- Study material
========

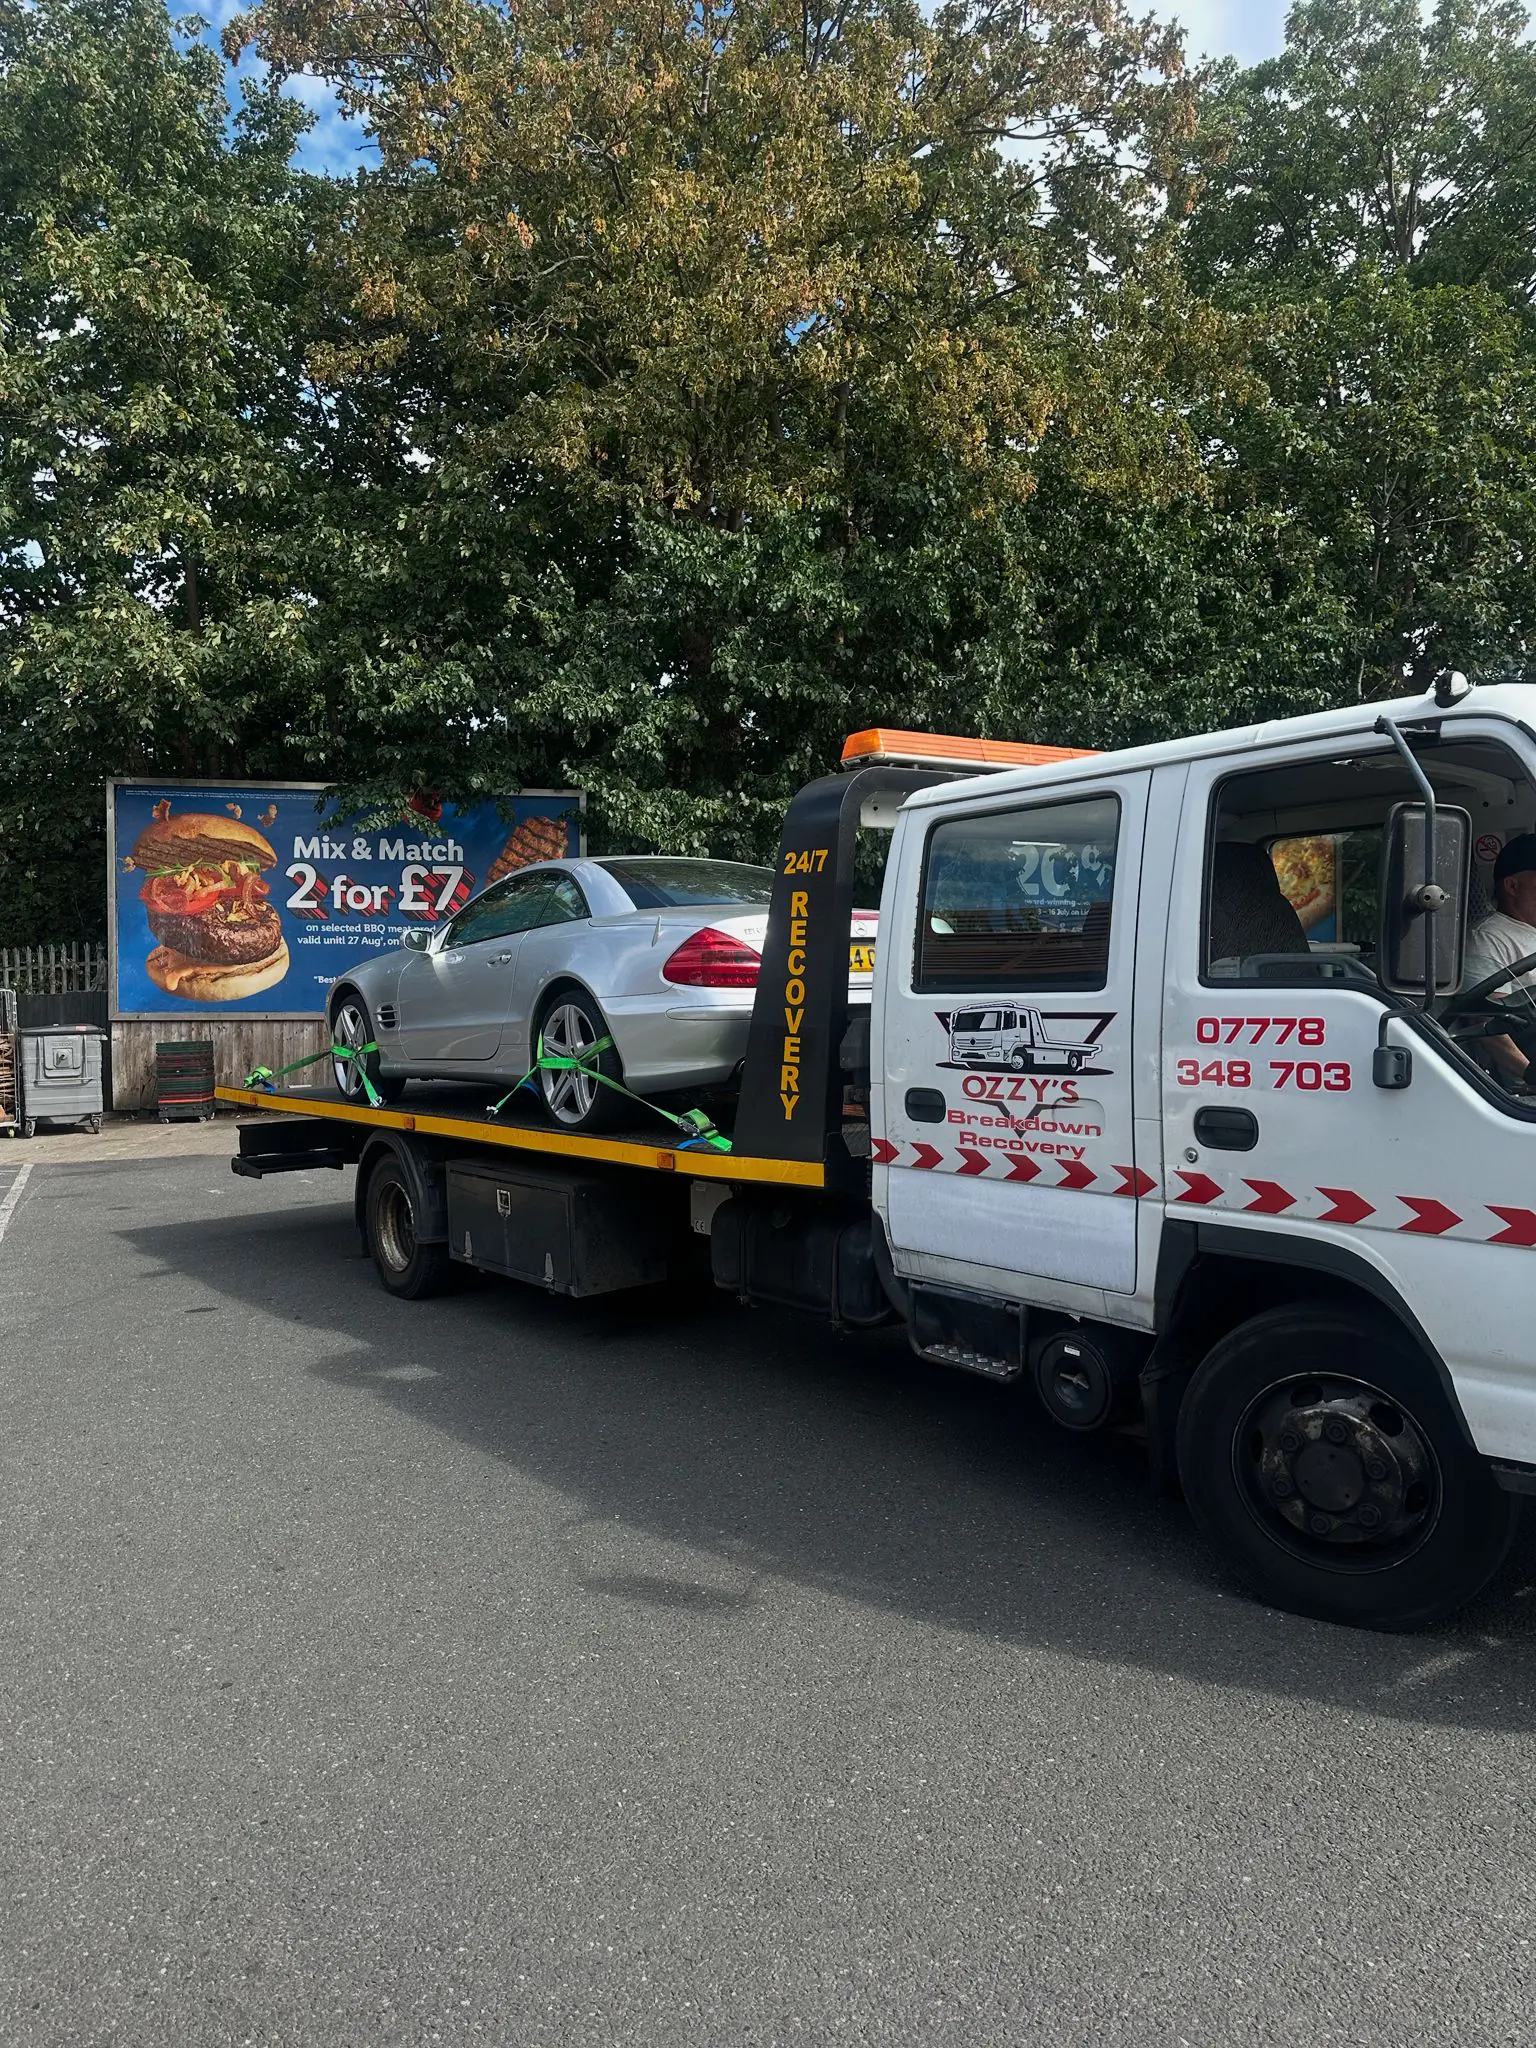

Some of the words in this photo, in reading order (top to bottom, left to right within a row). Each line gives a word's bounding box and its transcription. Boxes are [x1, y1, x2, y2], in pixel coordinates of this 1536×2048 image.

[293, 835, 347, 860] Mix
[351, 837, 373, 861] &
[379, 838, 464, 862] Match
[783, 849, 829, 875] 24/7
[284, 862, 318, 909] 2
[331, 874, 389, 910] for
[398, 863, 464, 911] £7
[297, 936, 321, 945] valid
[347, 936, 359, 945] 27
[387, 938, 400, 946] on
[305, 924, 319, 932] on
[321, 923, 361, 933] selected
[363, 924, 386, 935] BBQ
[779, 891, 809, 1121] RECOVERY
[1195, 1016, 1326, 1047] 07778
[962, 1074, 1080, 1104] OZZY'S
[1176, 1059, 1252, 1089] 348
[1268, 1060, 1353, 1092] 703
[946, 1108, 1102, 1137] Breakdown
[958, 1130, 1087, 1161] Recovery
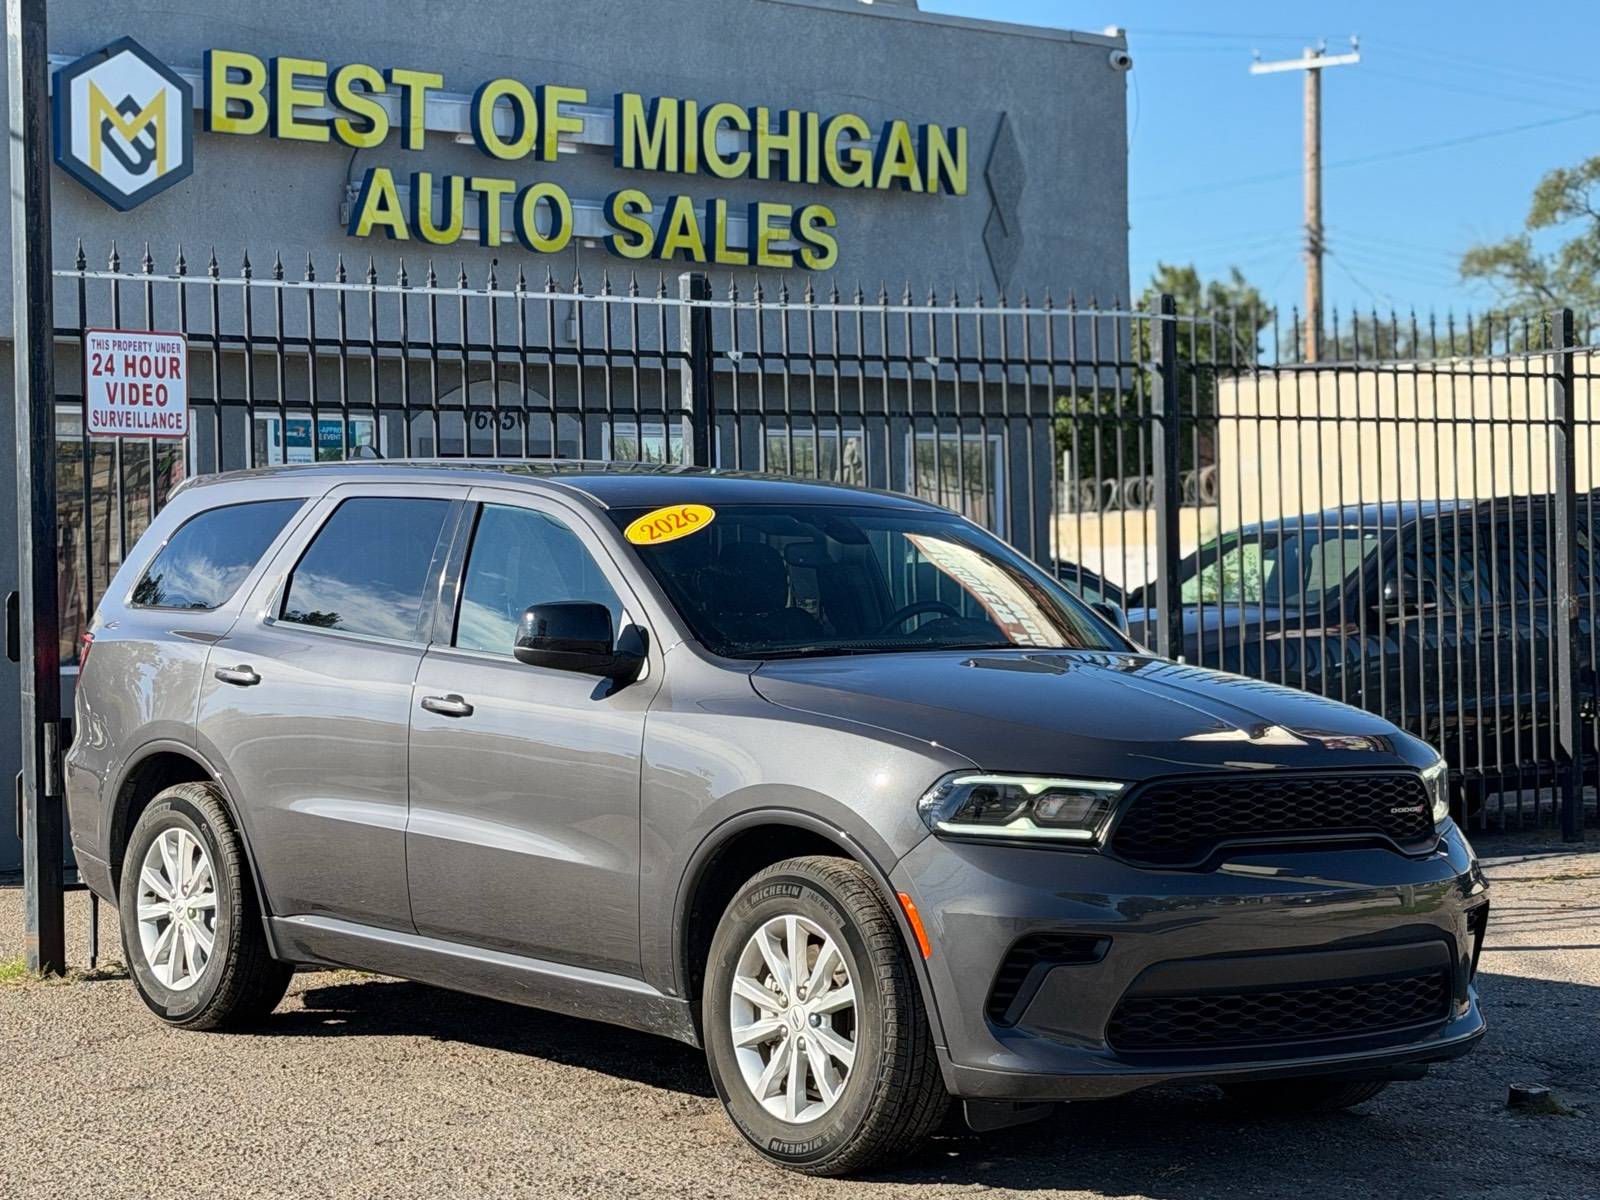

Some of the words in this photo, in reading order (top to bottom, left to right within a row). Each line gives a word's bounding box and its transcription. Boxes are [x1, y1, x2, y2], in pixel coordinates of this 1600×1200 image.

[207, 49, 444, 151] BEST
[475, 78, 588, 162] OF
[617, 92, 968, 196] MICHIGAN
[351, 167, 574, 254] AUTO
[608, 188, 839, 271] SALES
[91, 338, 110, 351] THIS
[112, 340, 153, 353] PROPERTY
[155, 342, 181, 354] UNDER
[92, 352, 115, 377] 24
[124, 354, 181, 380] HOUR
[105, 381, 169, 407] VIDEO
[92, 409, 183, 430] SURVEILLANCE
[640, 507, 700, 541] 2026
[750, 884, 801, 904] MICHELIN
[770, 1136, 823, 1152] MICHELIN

========

- Task to complete
Each record is to be copied word for word, with no images carried over.

- Solved problem
Some of the words in this photo, in reading order (top to bottom, left to right within a row). Each line gives a word's bounding box and its transcription. Boxes are [x1, y1, x2, y2], in pixel coordinates of this 1536×2048 image.

[293, 835, 347, 860] Mix
[351, 837, 373, 861] &
[379, 838, 464, 862] Match
[783, 849, 829, 875] 24/7
[284, 862, 318, 909] 2
[331, 874, 389, 910] for
[398, 863, 464, 911] £7
[297, 936, 321, 945] valid
[347, 936, 359, 945] 27
[387, 938, 400, 946] on
[305, 924, 319, 932] on
[321, 923, 361, 933] selected
[363, 924, 386, 935] BBQ
[779, 891, 809, 1121] RECOVERY
[1195, 1016, 1326, 1047] 07778
[962, 1074, 1080, 1104] OZZY'S
[1176, 1059, 1252, 1089] 348
[1268, 1060, 1353, 1092] 703
[946, 1108, 1102, 1137] Breakdown
[958, 1130, 1087, 1161] Recovery

Some of the words in this photo, in reading order (top to bottom, left to right within a row). Each line gives a word's bounding box and its transcription. Boxes are [x1, y1, x2, y2], in pixel coordinates of this 1600×1200 image.

[207, 49, 444, 151] BEST
[475, 78, 588, 162] OF
[617, 92, 968, 196] MICHIGAN
[351, 167, 574, 254] AUTO
[608, 188, 839, 271] SALES
[91, 338, 110, 351] THIS
[112, 340, 153, 353] PROPERTY
[155, 342, 181, 354] UNDER
[92, 352, 115, 377] 24
[124, 354, 181, 380] HOUR
[105, 381, 169, 407] VIDEO
[92, 409, 183, 430] SURVEILLANCE
[640, 507, 700, 541] 2026
[750, 884, 801, 904] MICHELIN
[770, 1136, 823, 1152] MICHELIN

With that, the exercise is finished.